Work instructions: What you return should be the complete data below, word for word, with no pictures in it.

[Items from a data source]
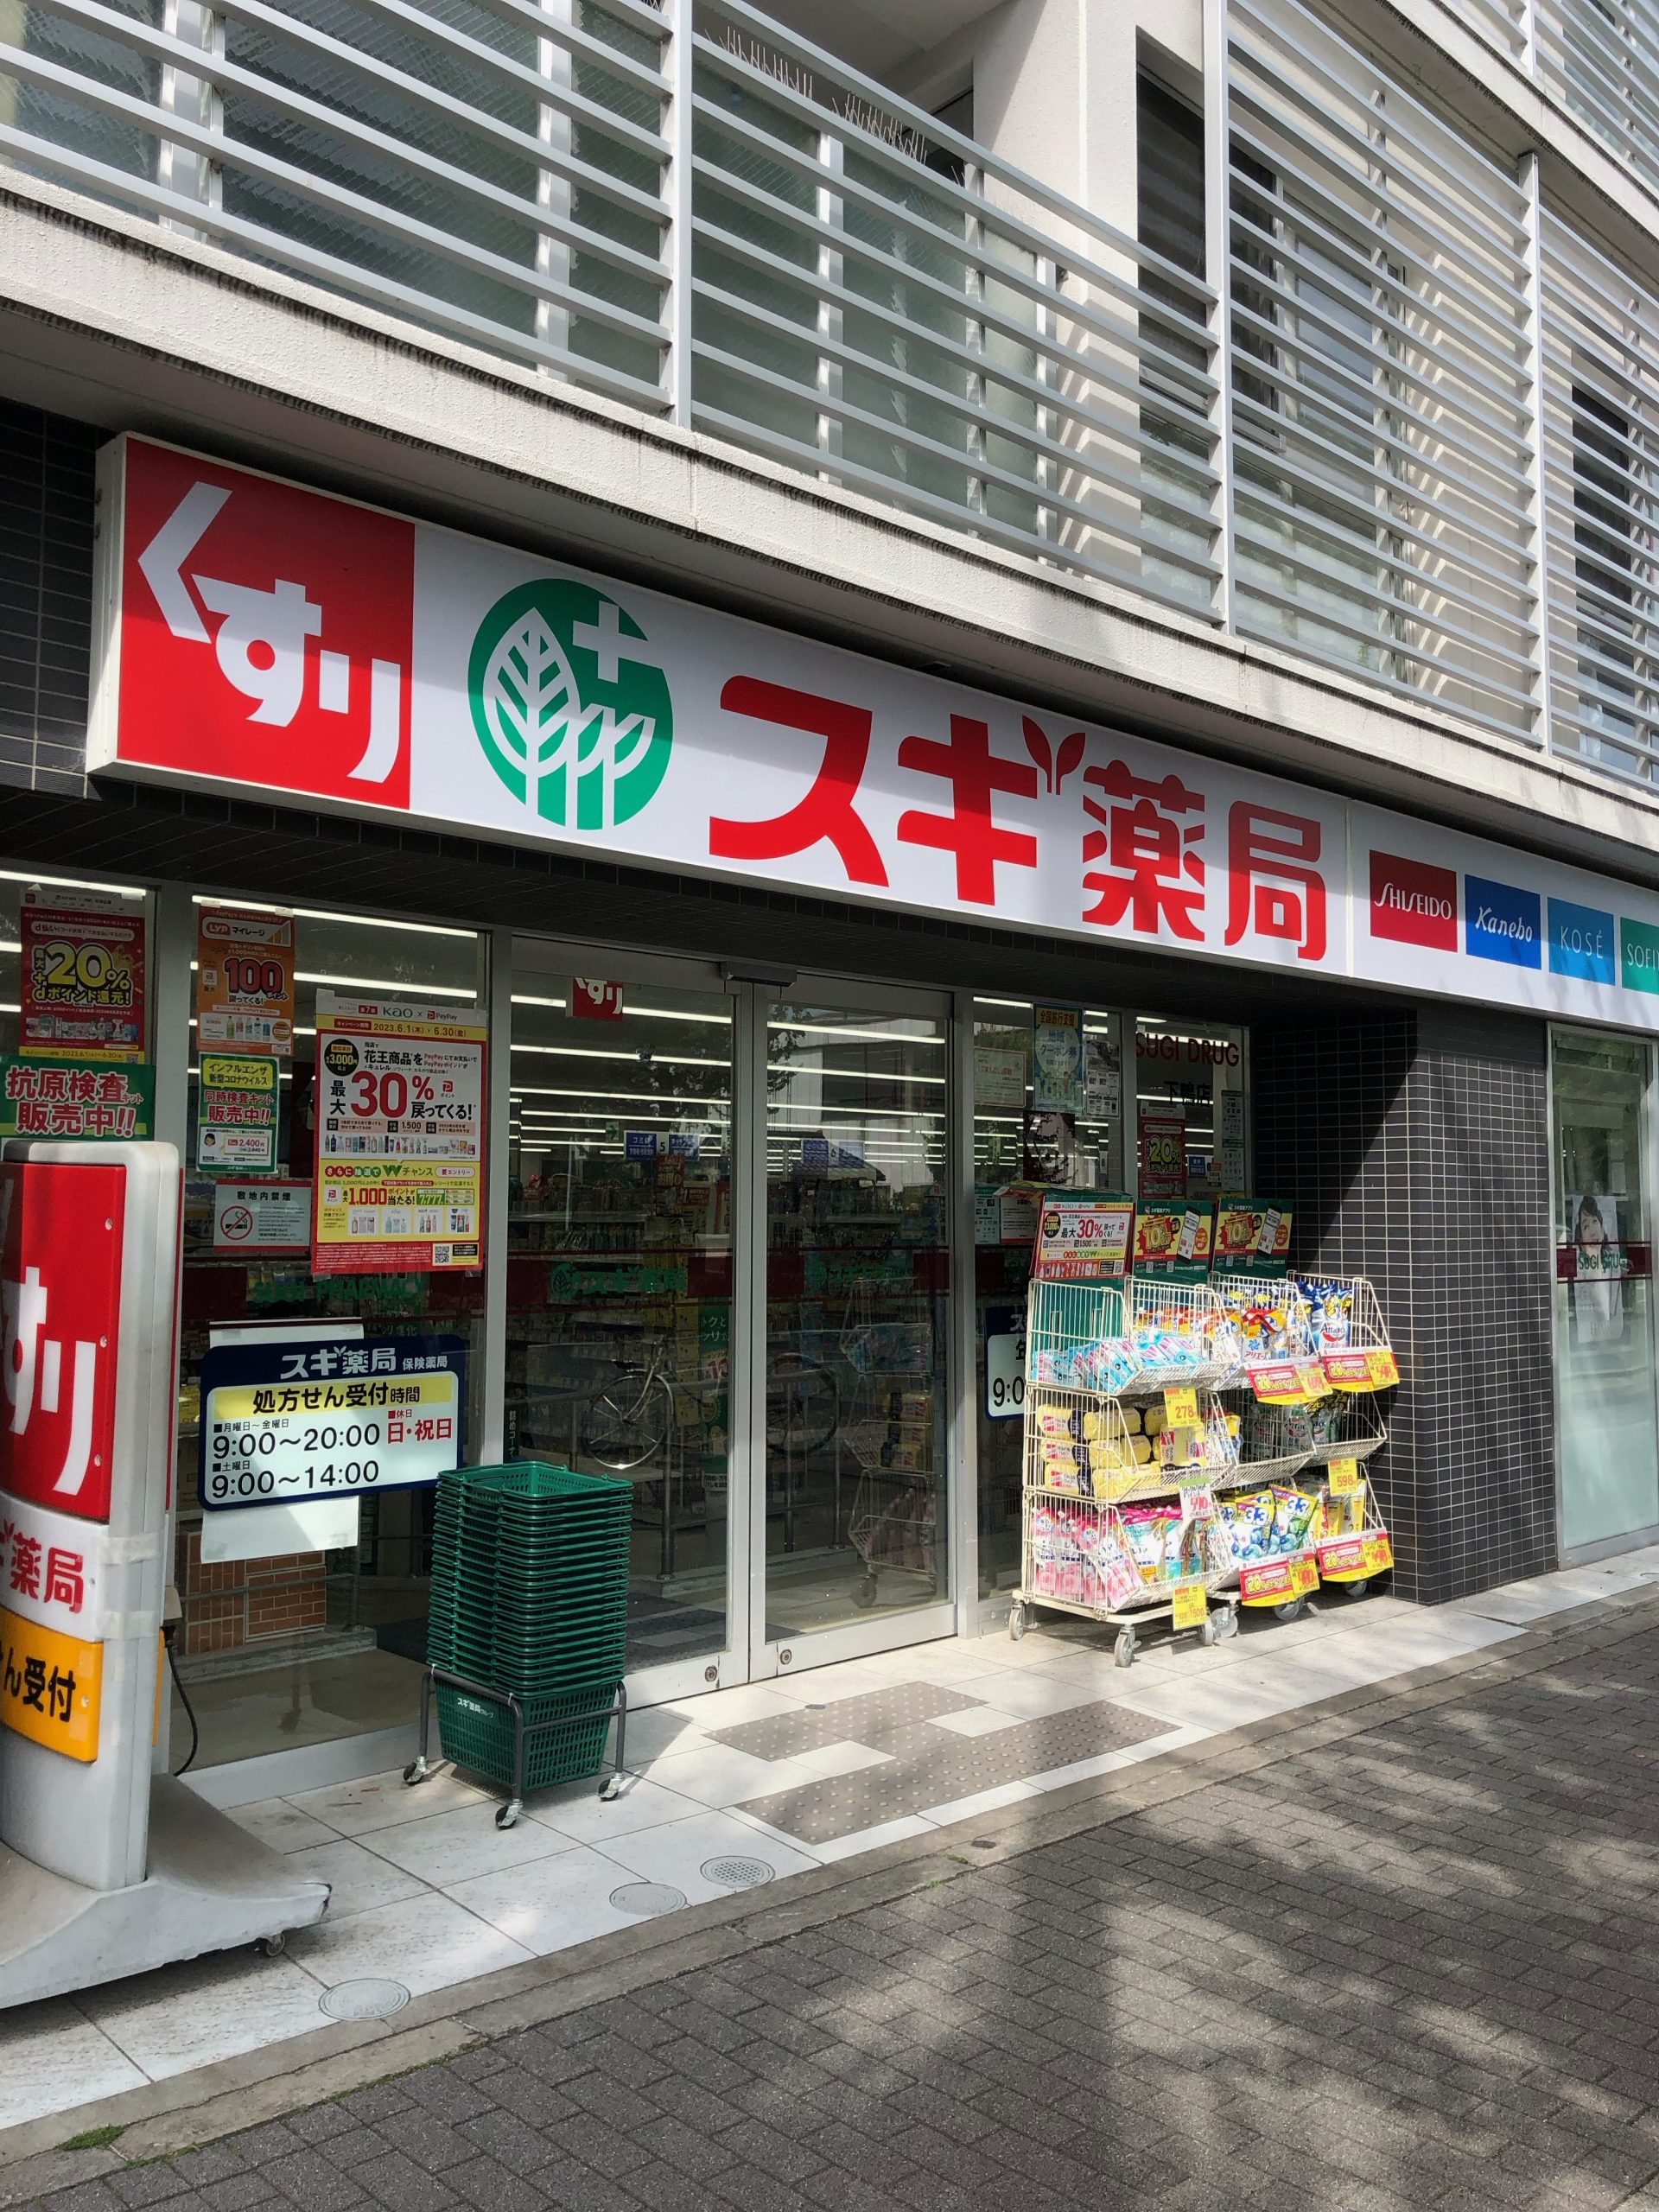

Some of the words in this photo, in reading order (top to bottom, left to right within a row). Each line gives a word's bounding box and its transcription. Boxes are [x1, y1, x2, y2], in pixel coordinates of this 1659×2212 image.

[137, 480, 401, 784] くすり
[709, 674, 1327, 961] スギ薬局
[1374, 882, 1452, 920] SHISEIDO
[232, 926, 265, 936] マイレージ
[1474, 906, 1533, 943] Kanebo
[1560, 925, 1604, 959] KOSÉ
[1626, 943, 1659, 977] SOFI
[223, 957, 283, 995] 100
[1039, 1044, 1077, 1058] クーポン券
[1135, 1033, 1179, 1061] SUGI
[1188, 1039, 1240, 1067] DRUG
[209, 1063, 268, 1076] インフルエンザ
[209, 1073, 268, 1085] 新型コロナウイルス
[204, 1090, 275, 1105] 同時検査キット
[350, 1070, 434, 1117] 30%
[17, 1102, 136, 1137] 販売中!!
[208, 1105, 270, 1126] 販売中!!
[659, 1141, 665, 1152] 5
[237, 1191, 291, 1201] 敷地内禁煙
[349, 1187, 387, 1205] 1,000
[1077, 1219, 1103, 1239] 30%
[280, 1346, 396, 1380] スギ薬局
[403, 1356, 448, 1371] 保険薬局
[252, 1382, 421, 1414] 処方せん受付時間
[397, 1409, 413, 1420] 休日
[387, 1418, 453, 1445] 日・祝日
[222, 1460, 251, 1472] 土曜日
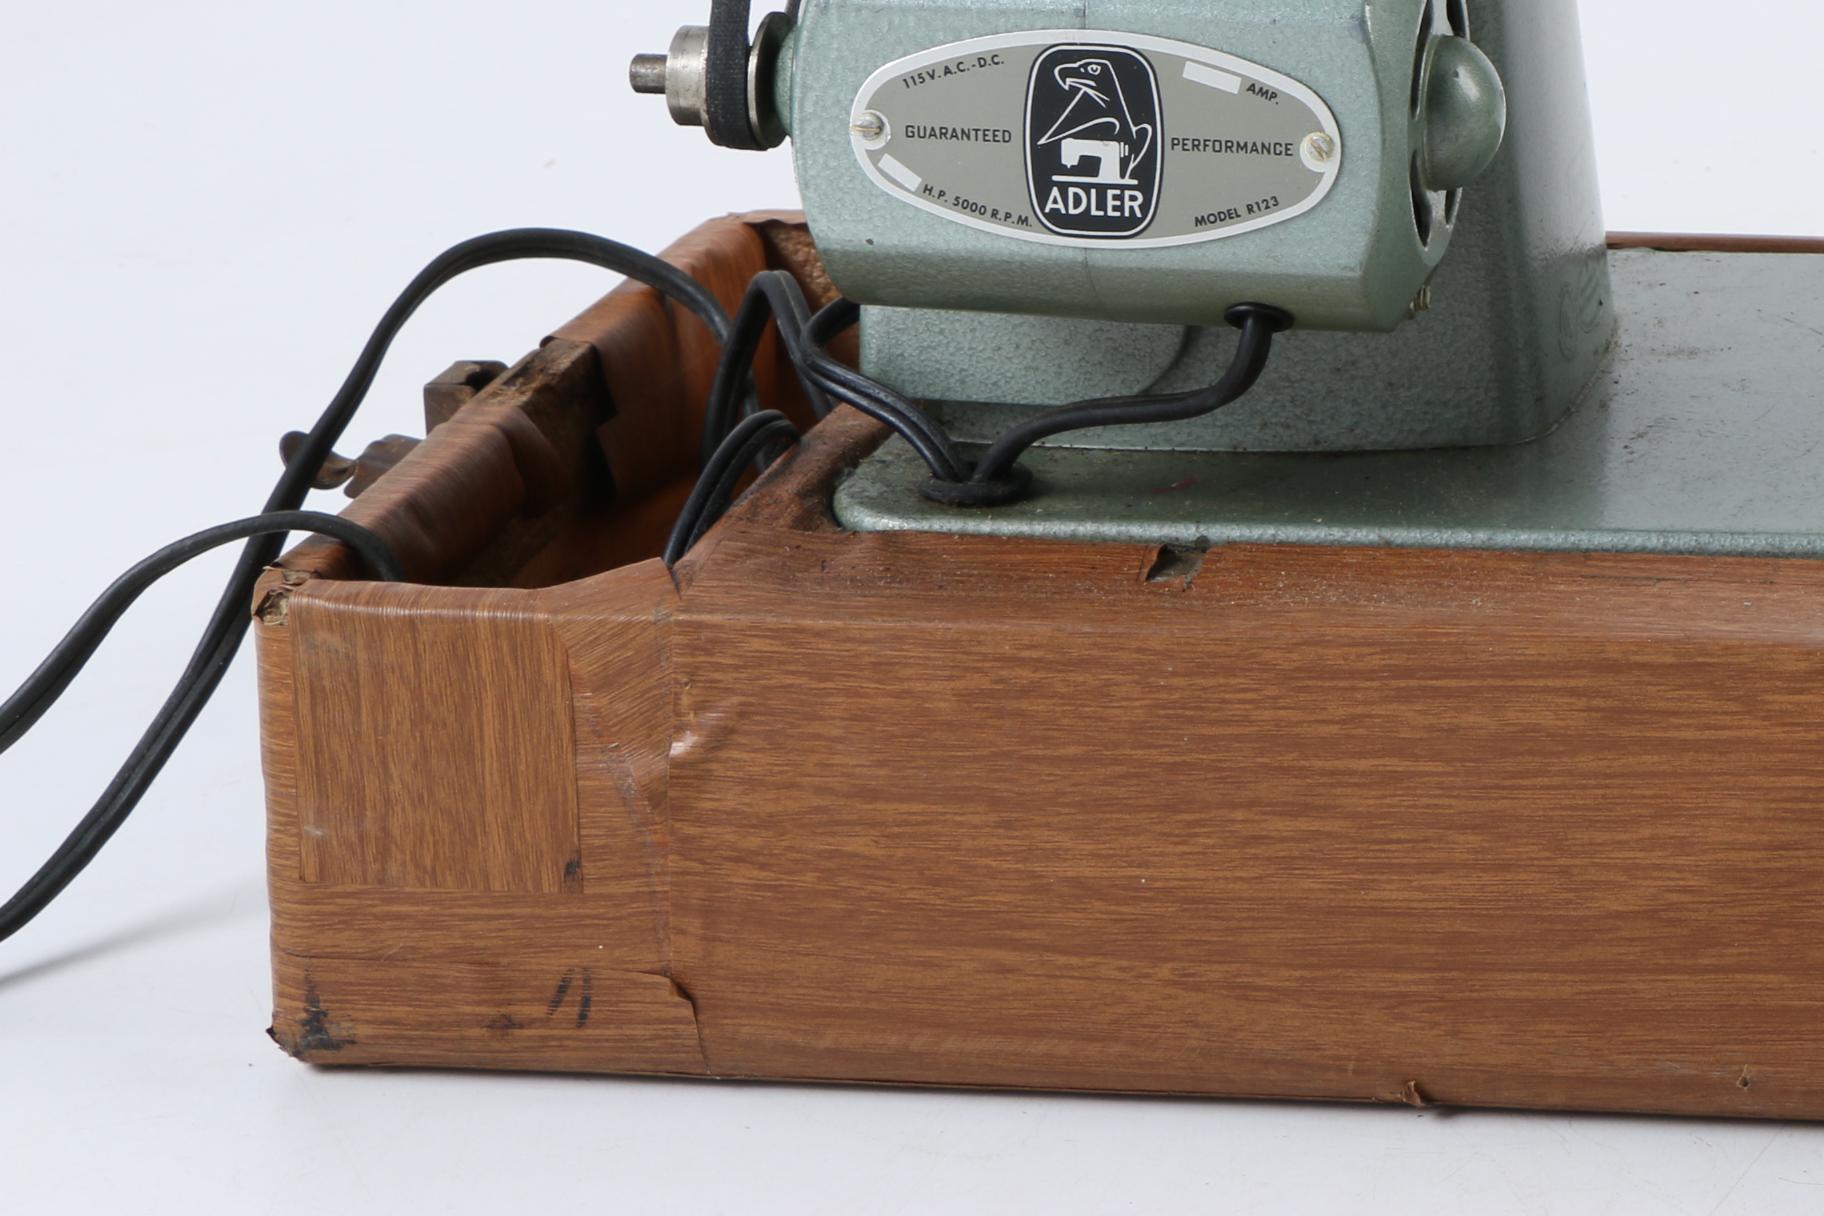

Reply:
Some of the words in this photo, in reading order (top to bottom, left to right within a row). Each line gives a word's bounding box and its transcription. Boxes are [x1, y1, x2, y2], in pixel coordinates of this 1659×2212 image.

[137, 480, 401, 784] くすり
[709, 674, 1327, 961] スギ薬局
[1374, 882, 1452, 920] SHISEIDO
[232, 926, 265, 936] マイレージ
[1474, 906, 1533, 943] Kanebo
[1560, 925, 1604, 959] KOSÉ
[1626, 943, 1659, 977] SOFI
[223, 957, 283, 995] 100
[1039, 1044, 1077, 1058] クーポン券
[1135, 1033, 1179, 1061] SUGI
[1188, 1039, 1240, 1067] DRUG
[209, 1063, 268, 1076] インフルエンザ
[209, 1073, 268, 1085] 新型コロナウイルス
[204, 1090, 275, 1105] 同時検査キット
[350, 1070, 434, 1117] 30%
[17, 1102, 136, 1137] 販売中!!
[208, 1105, 270, 1126] 販売中!!
[659, 1141, 665, 1152] 5
[237, 1191, 291, 1201] 敷地内禁煙
[349, 1187, 387, 1205] 1,000
[1077, 1219, 1103, 1239] 30%
[280, 1346, 396, 1380] スギ薬局
[403, 1356, 448, 1371] 保険薬局
[252, 1382, 421, 1414] 処方せん受付時間
[397, 1409, 413, 1420] 休日
[387, 1418, 453, 1445] 日・祝日
[222, 1460, 251, 1472] 土曜日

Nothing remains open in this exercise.